What needs to be done: Omitting all images, set down every line below exactly as it appears.

Supplied material:
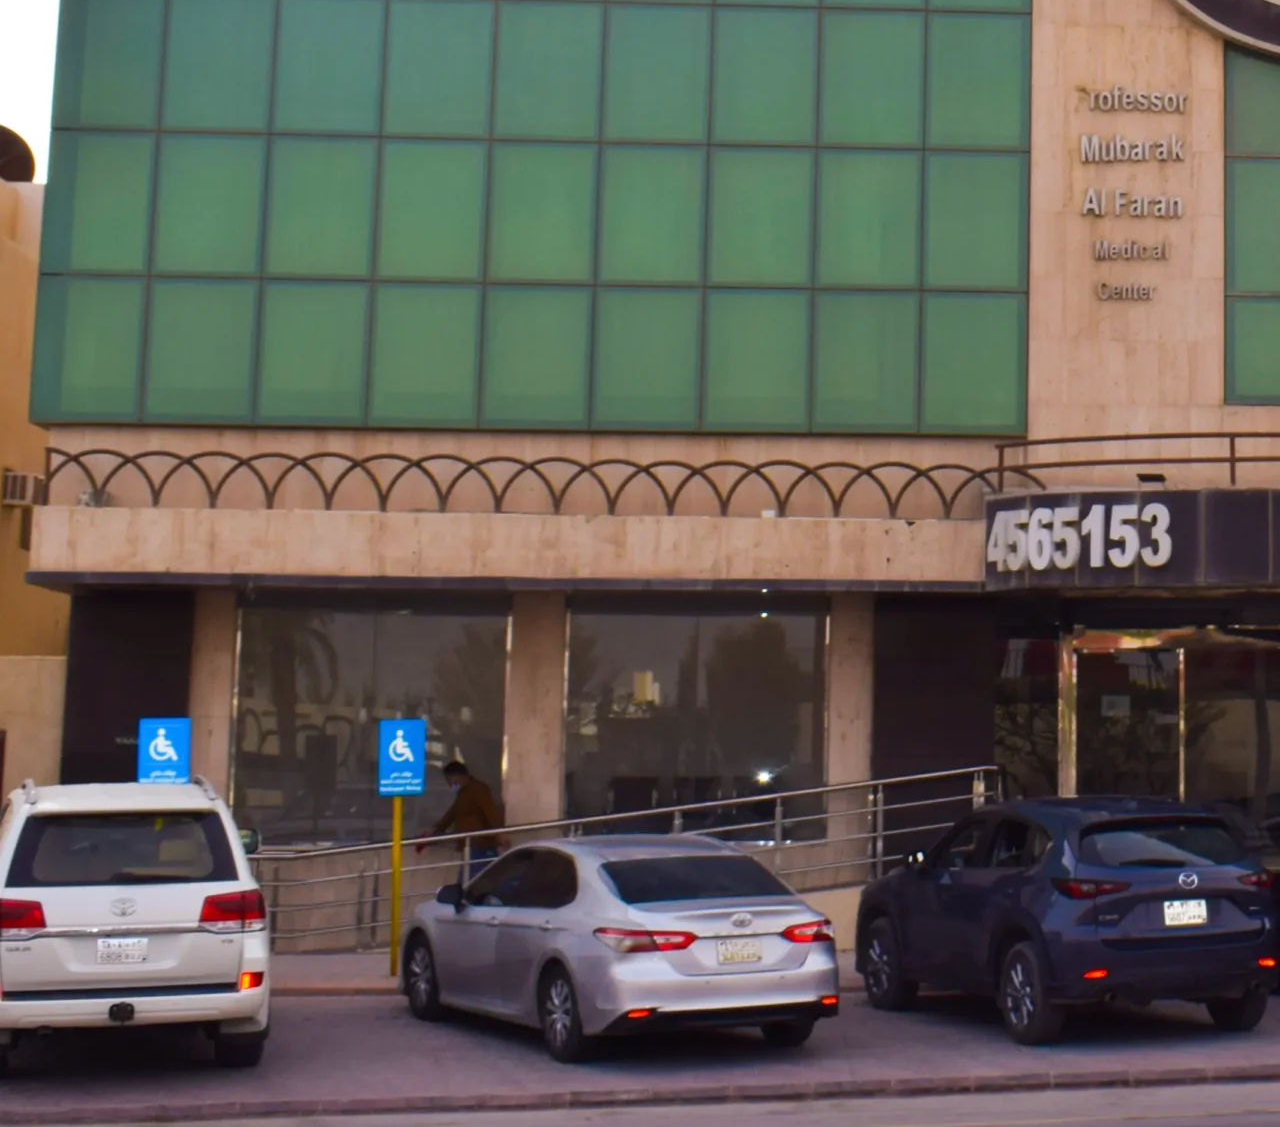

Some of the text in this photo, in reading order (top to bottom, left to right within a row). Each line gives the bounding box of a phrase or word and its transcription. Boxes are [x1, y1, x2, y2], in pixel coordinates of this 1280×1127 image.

[1080, 134, 1185, 164] Mubarak
[1082, 187, 1183, 218] Al Faran
[1094, 239, 1169, 262] Medical
[1099, 281, 1156, 301] Center
[987, 502, 1173, 573] 4565153

Expected answer:
Some of the text in this photo, in reading order (top to bottom, left to right within a row). Each line gives the bounding box of a phrase or word and its transcription. Boxes are [x1, y1, x2, y2], in pixel coordinates of this 1280×1127 image.

[1080, 134, 1185, 164] Mubarak
[1082, 187, 1183, 218] Al Faran
[1094, 239, 1169, 262] Medical
[1099, 281, 1156, 301] Center
[987, 502, 1173, 573] 4565153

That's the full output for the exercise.